──────── Available data

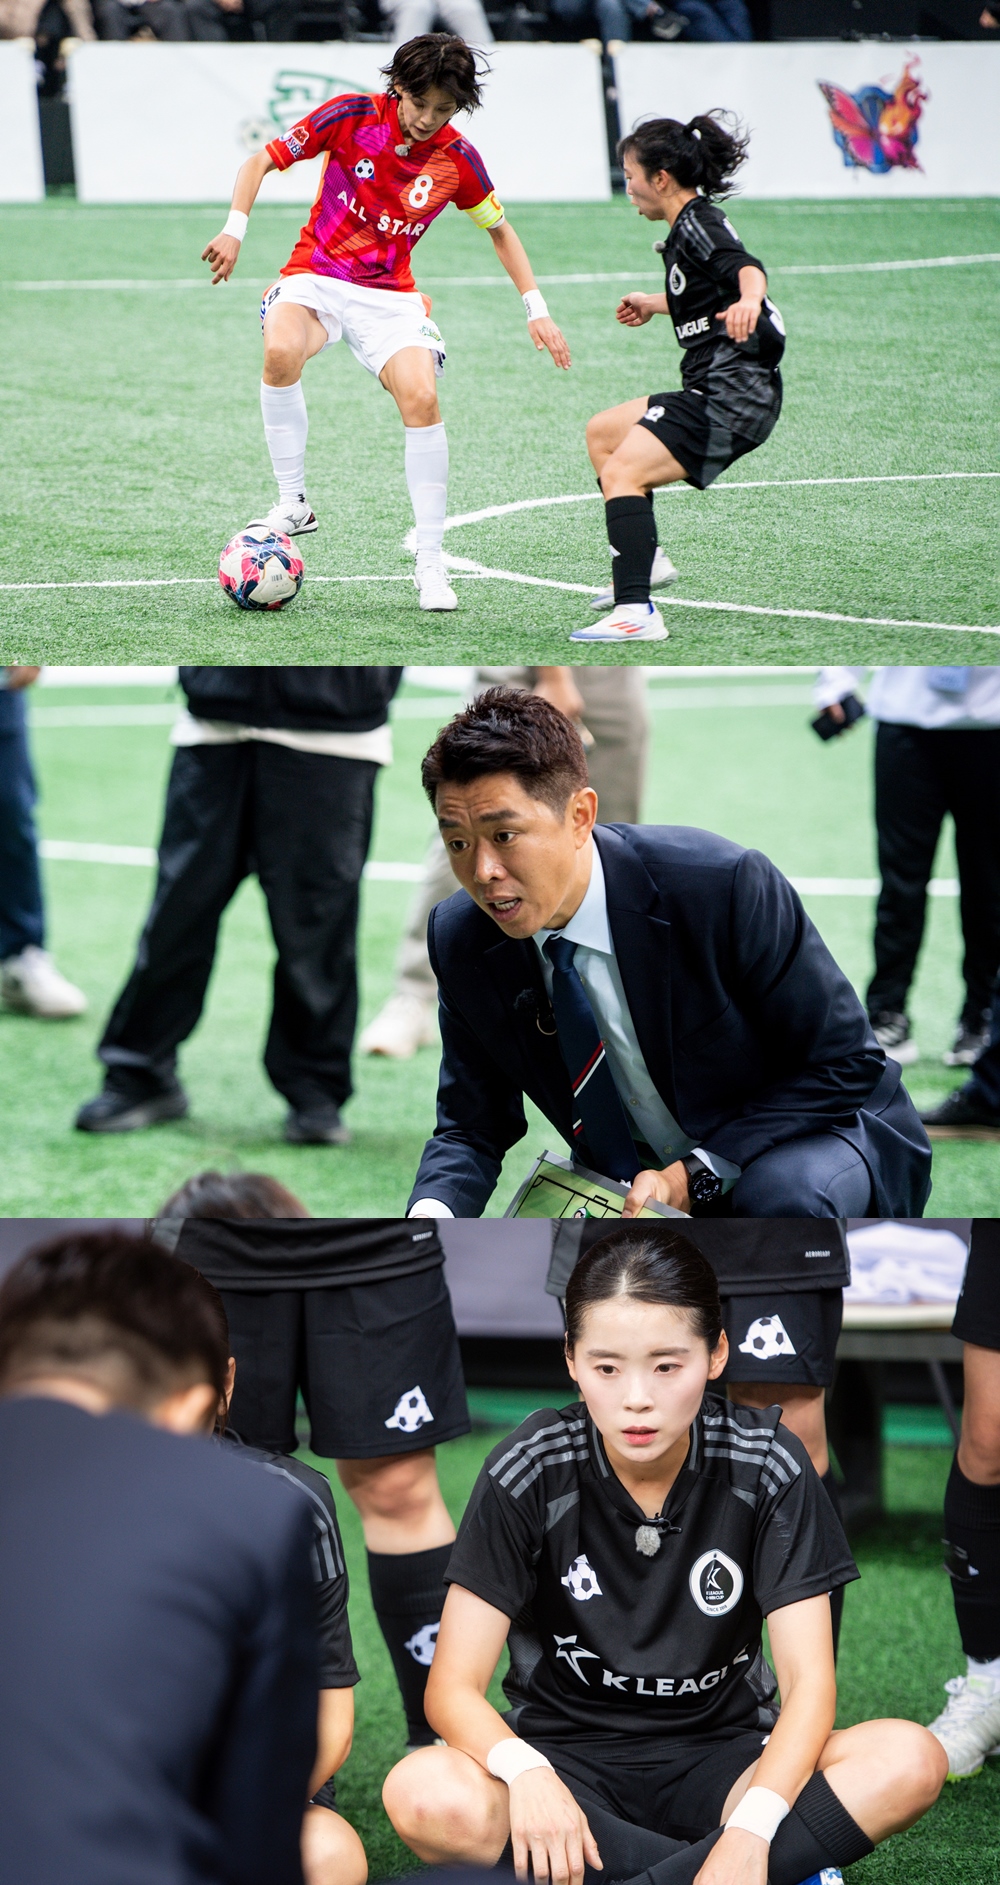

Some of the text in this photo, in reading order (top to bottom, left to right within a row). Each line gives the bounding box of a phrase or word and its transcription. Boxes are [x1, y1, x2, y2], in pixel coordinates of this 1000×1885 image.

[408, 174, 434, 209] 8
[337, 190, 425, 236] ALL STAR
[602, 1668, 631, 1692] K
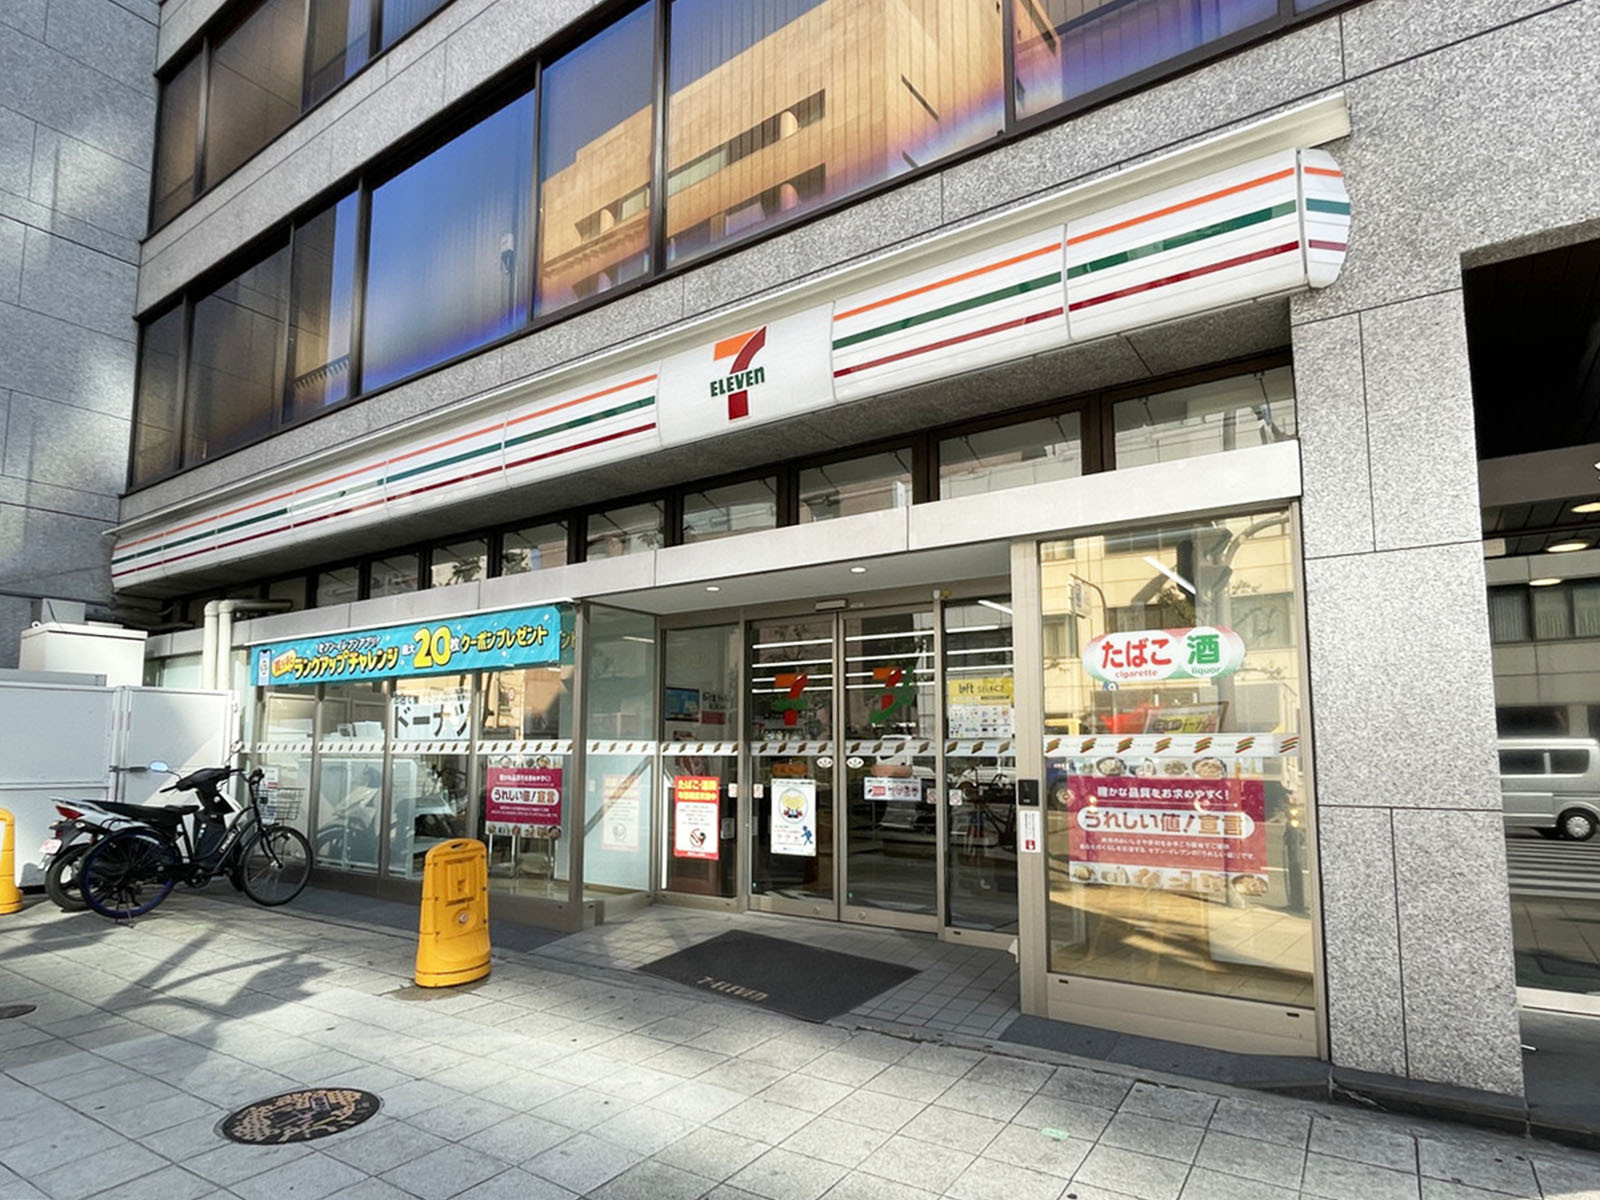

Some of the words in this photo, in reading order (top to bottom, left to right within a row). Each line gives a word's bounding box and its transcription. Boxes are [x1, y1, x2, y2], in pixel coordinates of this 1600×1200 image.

────────────────
──────── Available data

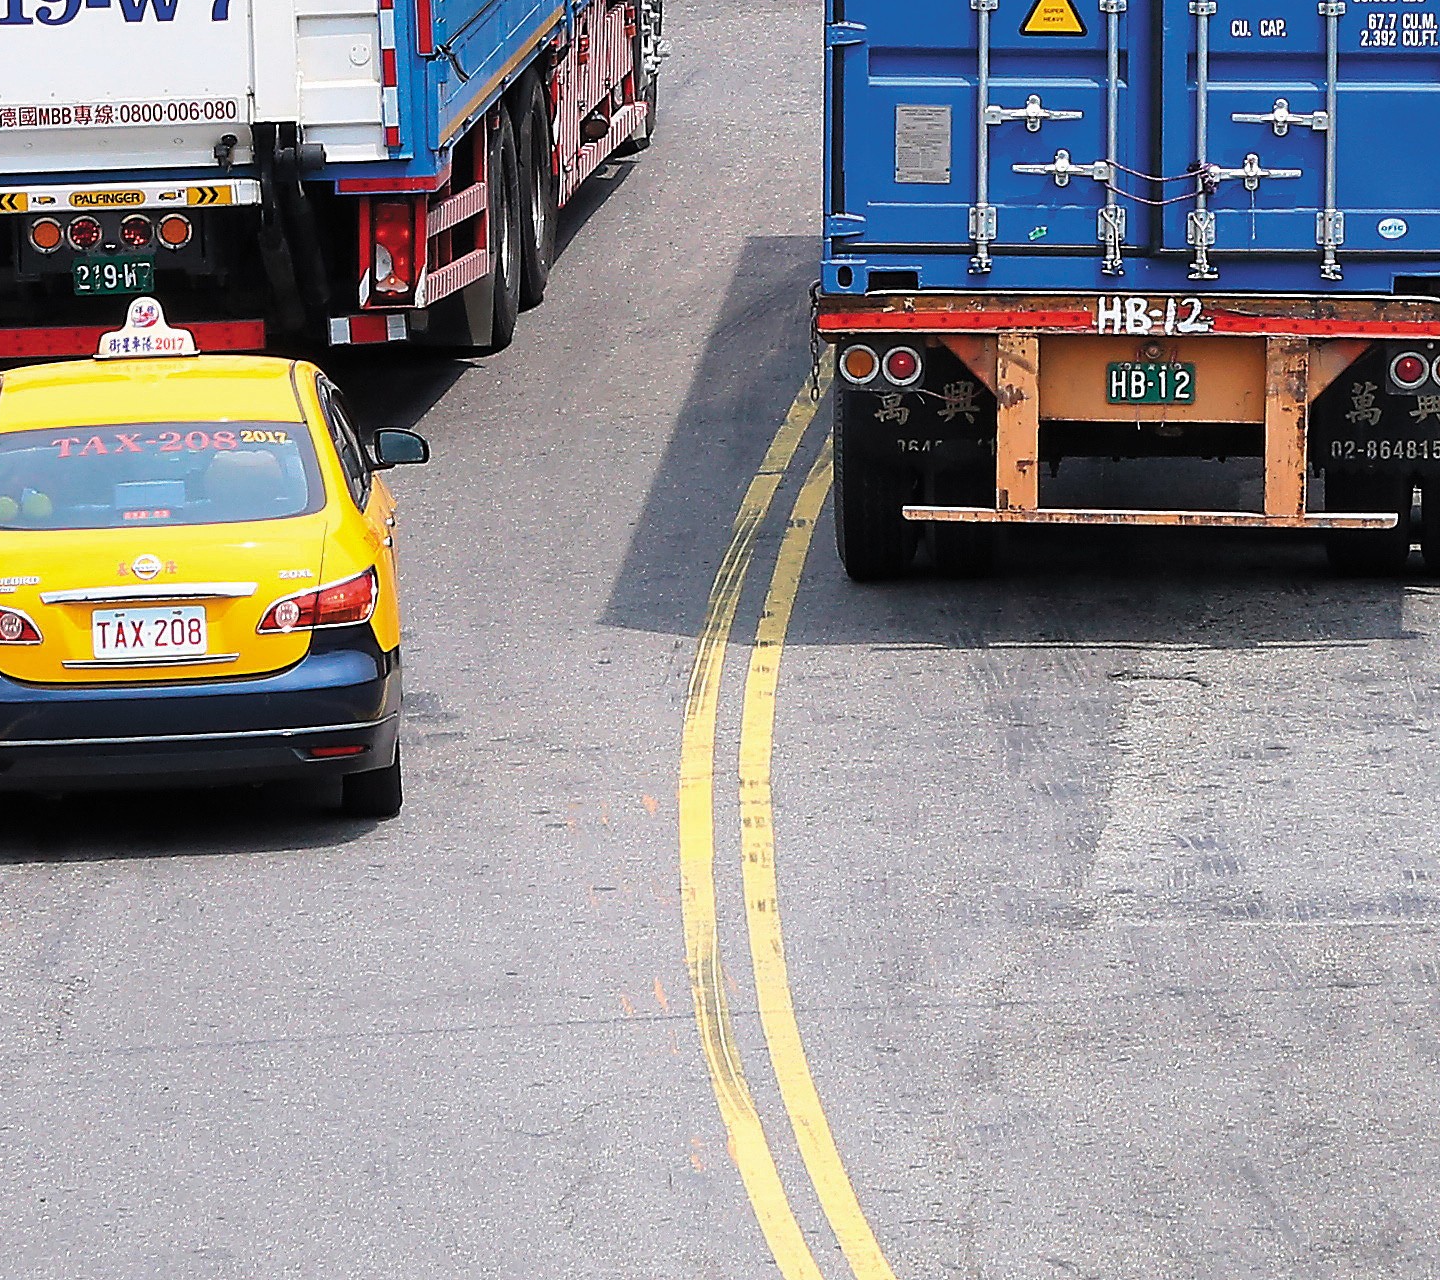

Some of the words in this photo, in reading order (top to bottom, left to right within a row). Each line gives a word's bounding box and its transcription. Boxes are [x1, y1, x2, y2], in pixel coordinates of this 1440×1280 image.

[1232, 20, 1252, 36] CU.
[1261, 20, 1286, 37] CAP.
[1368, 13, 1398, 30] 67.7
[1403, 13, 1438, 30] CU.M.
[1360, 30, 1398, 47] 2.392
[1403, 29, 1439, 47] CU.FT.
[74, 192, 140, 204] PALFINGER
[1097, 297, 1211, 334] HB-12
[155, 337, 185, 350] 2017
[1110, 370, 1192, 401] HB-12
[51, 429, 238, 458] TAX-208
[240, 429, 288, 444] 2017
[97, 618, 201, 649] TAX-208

────────────────

Your copy should hold only the lines above from the one containing "Some of the text" through the one containing "this 1600×1200 image.", exactly as written and free of pictures.

Some of the text in this photo, in reading order (top to bottom, left to right within a row). Each line gives the bounding box of a phrase or word and its transcription. Boxes are [x1, y1, x2, y2], in pixel coordinates of this 1000×1885 image.

[408, 174, 434, 209] 8
[337, 190, 425, 236] ALL STAR
[602, 1668, 631, 1692] K

Some of the words in this photo, in reading order (top to bottom, left to right within a row). Each line gives a word's bounding box and its transcription. Boxes are [x1, y1, x2, y2], in pixel coordinates of this 1600×1200 image.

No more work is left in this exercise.